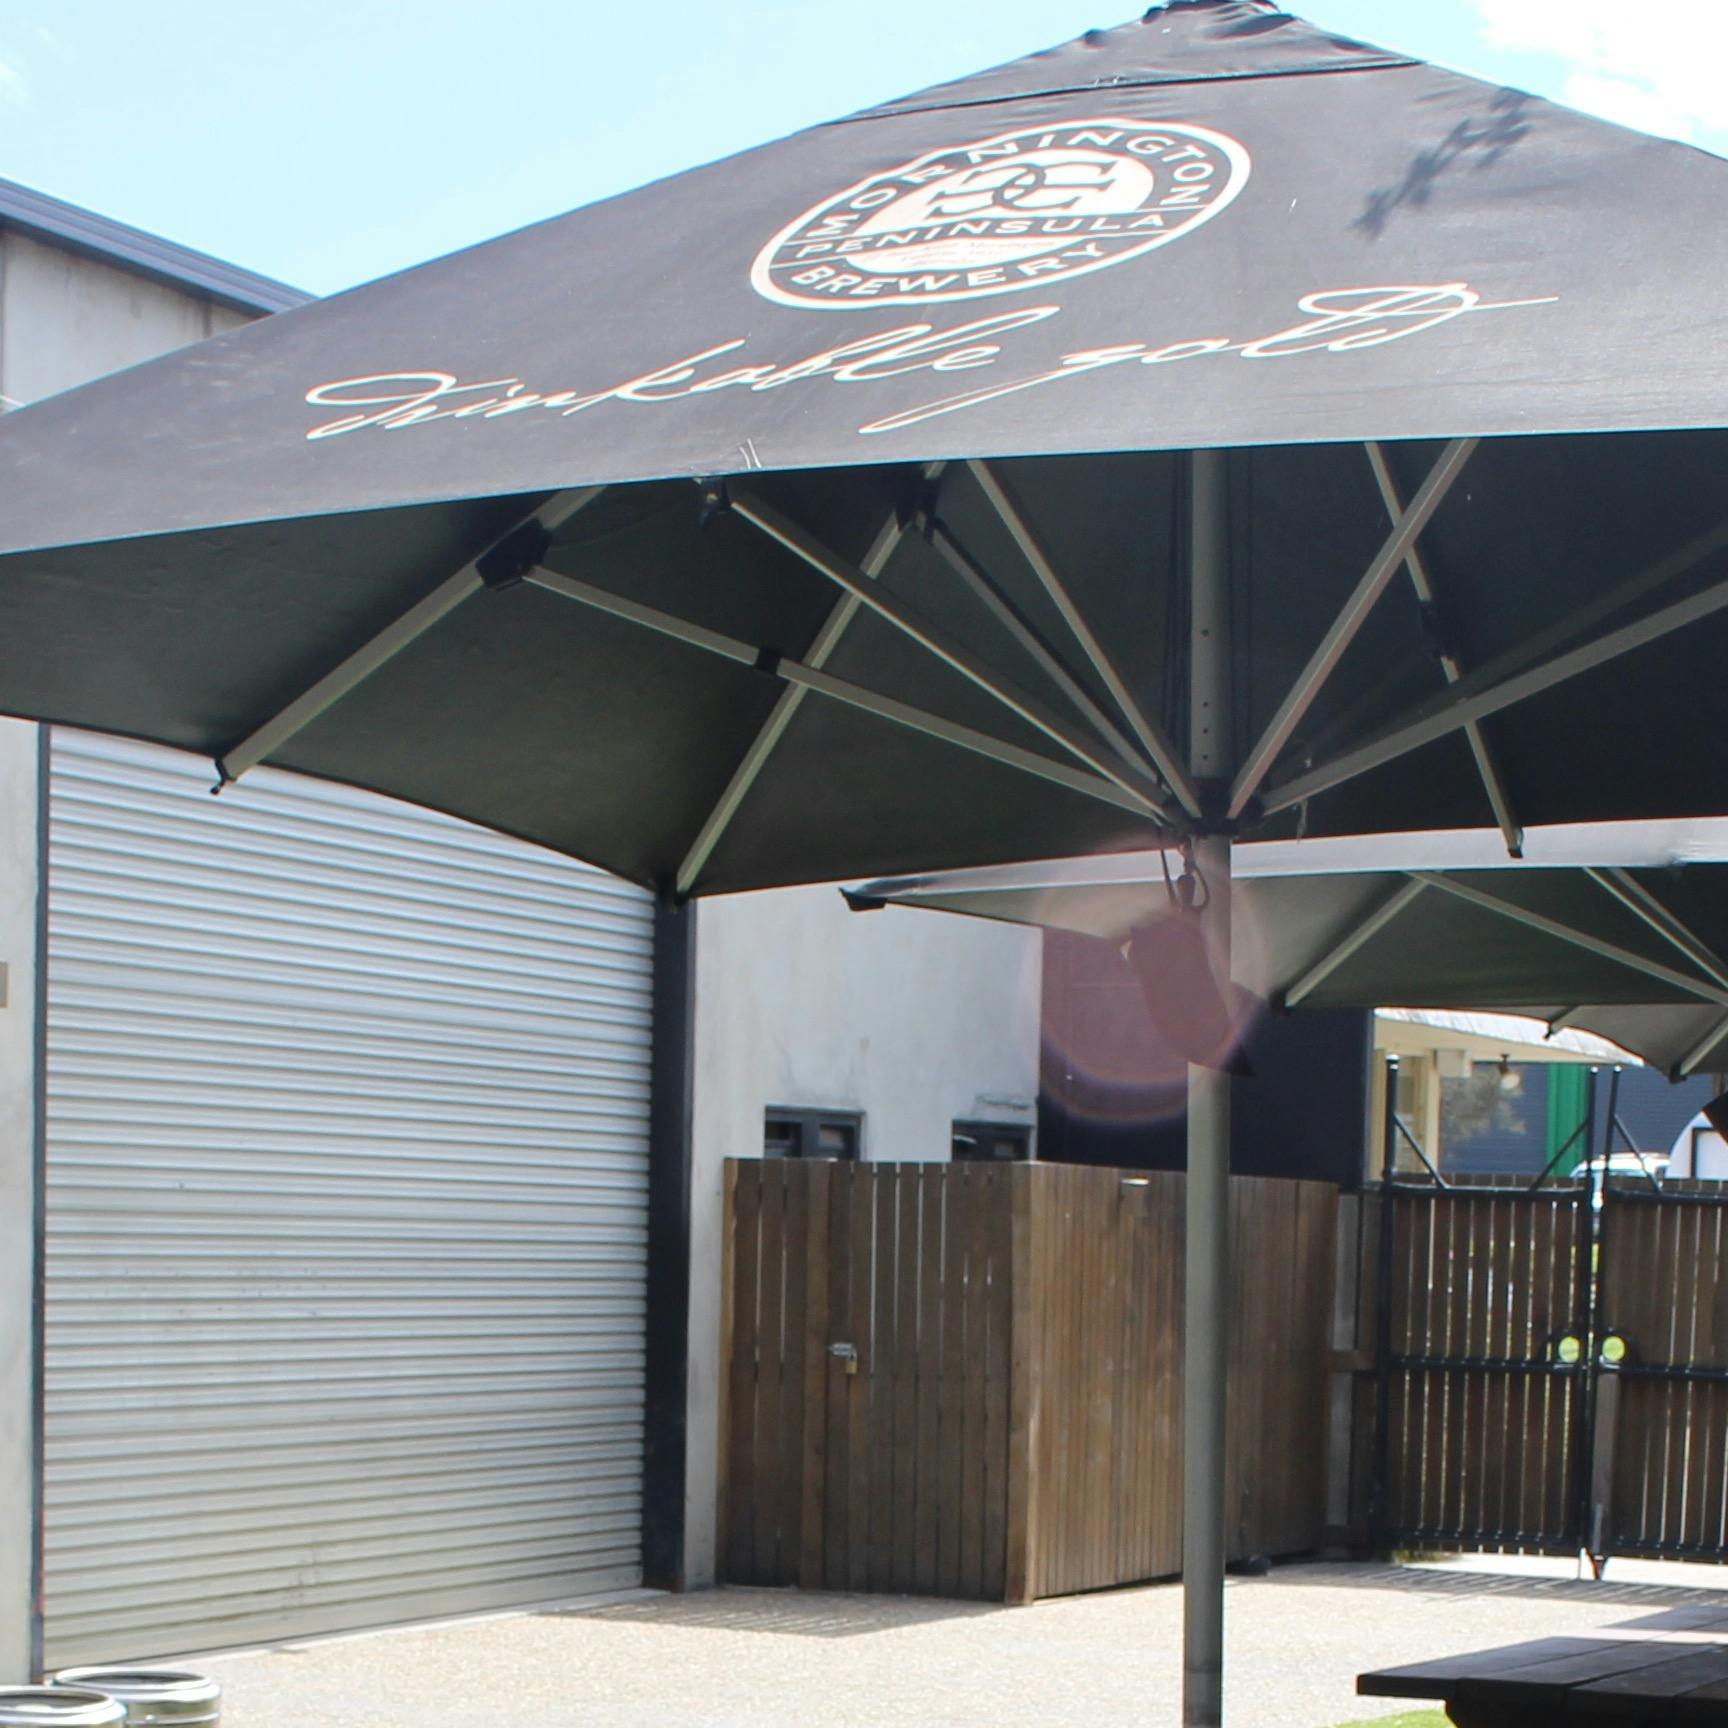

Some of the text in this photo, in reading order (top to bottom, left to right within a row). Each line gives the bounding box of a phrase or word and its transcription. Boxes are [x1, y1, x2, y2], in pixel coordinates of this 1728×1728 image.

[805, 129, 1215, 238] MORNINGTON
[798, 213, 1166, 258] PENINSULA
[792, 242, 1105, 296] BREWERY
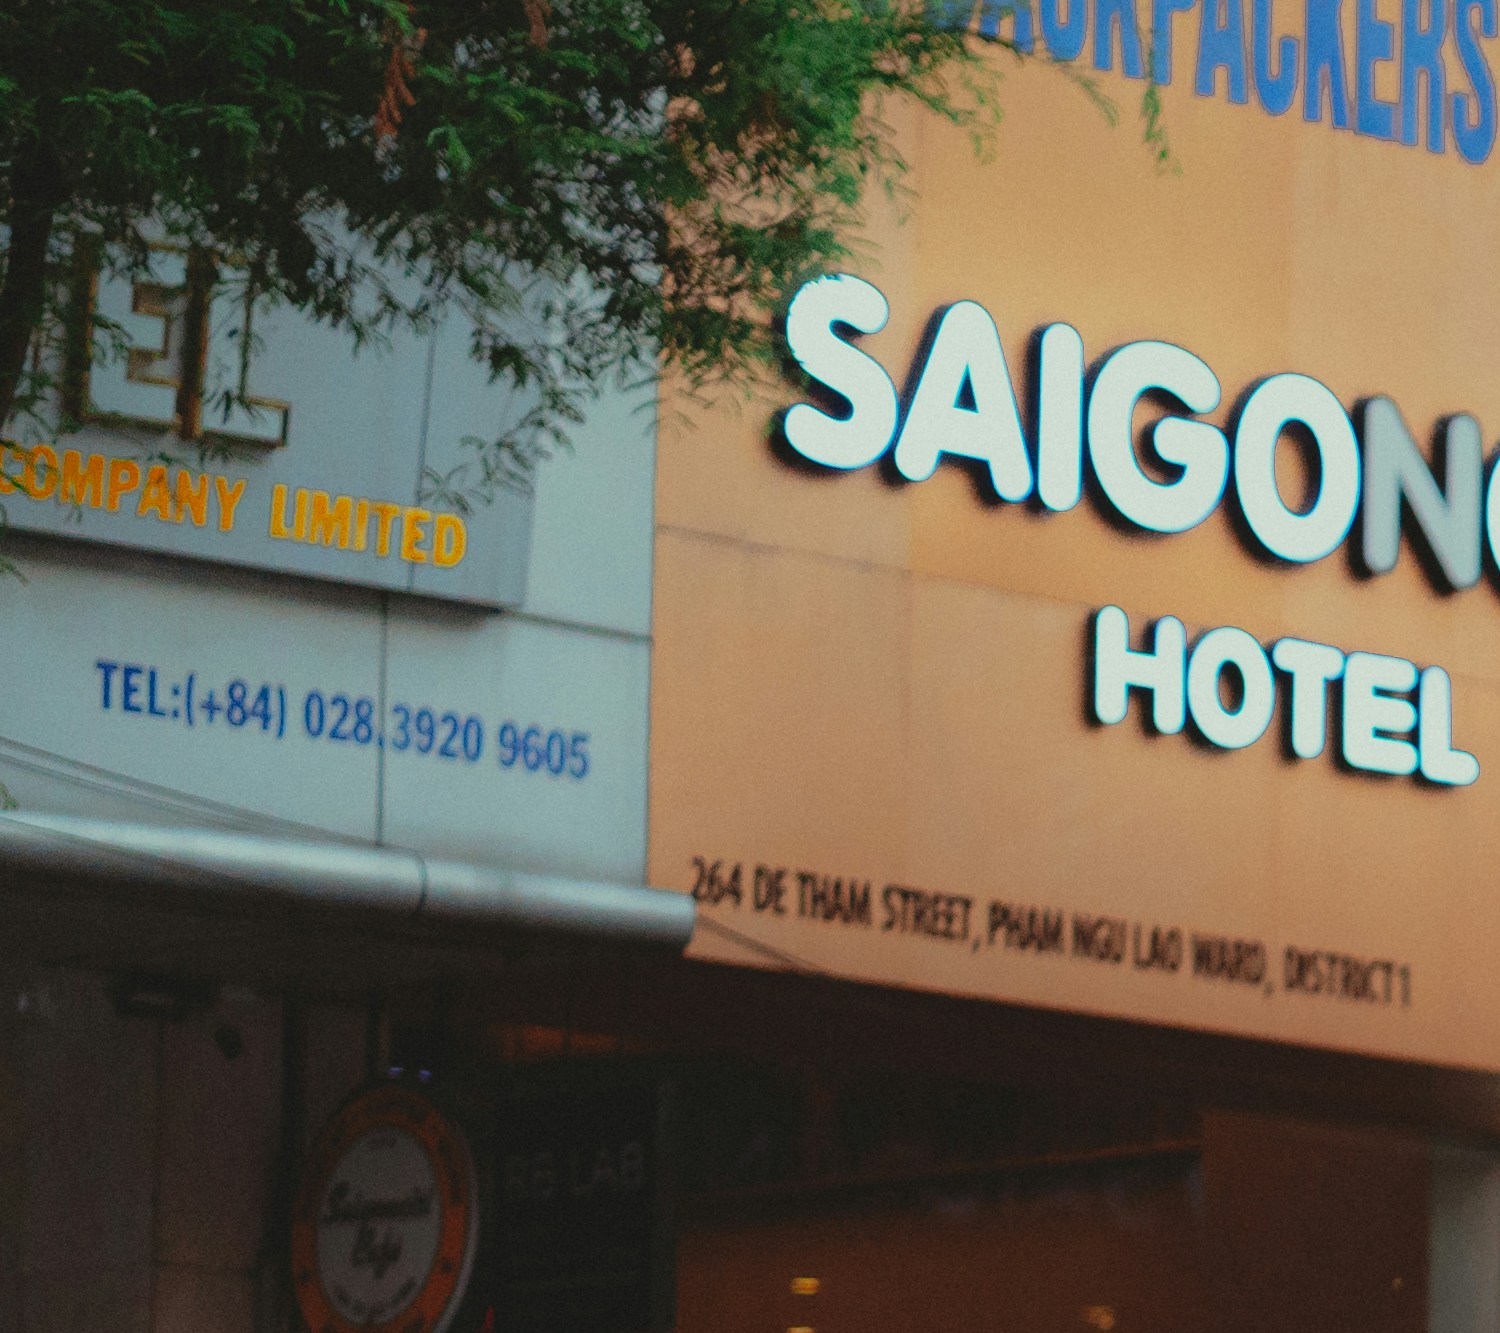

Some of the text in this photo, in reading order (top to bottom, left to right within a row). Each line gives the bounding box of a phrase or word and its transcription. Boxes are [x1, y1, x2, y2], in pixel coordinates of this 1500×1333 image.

--

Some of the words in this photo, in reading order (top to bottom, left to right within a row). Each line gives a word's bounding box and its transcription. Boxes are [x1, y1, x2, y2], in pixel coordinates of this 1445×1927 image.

TASK DESCRIPTION: Please return the data above exactly as it stands from the line with "this 1728×1728 image." to the line with "this 1500×1333 image.", keeping both of those lines but none of the pictures.

COMPLETED TASK:
Some of the text in this photo, in reading order (top to bottom, left to right within a row). Each line gives the bounding box of a phrase or word and its transcription. Boxes are [x1, y1, x2, y2], in pixel coordinates of this 1728×1728 image.

[805, 129, 1215, 238] MORNINGTON
[798, 213, 1166, 258] PENINSULA
[792, 242, 1105, 296] BREWERY

Some of the text in this photo, in reading order (top to bottom, left to right within a row). Each line gives the bounding box of a phrase or word and its transcription. Boxes are [x1, y1, x2, y2], in pixel coordinates of this 1500×1333 image.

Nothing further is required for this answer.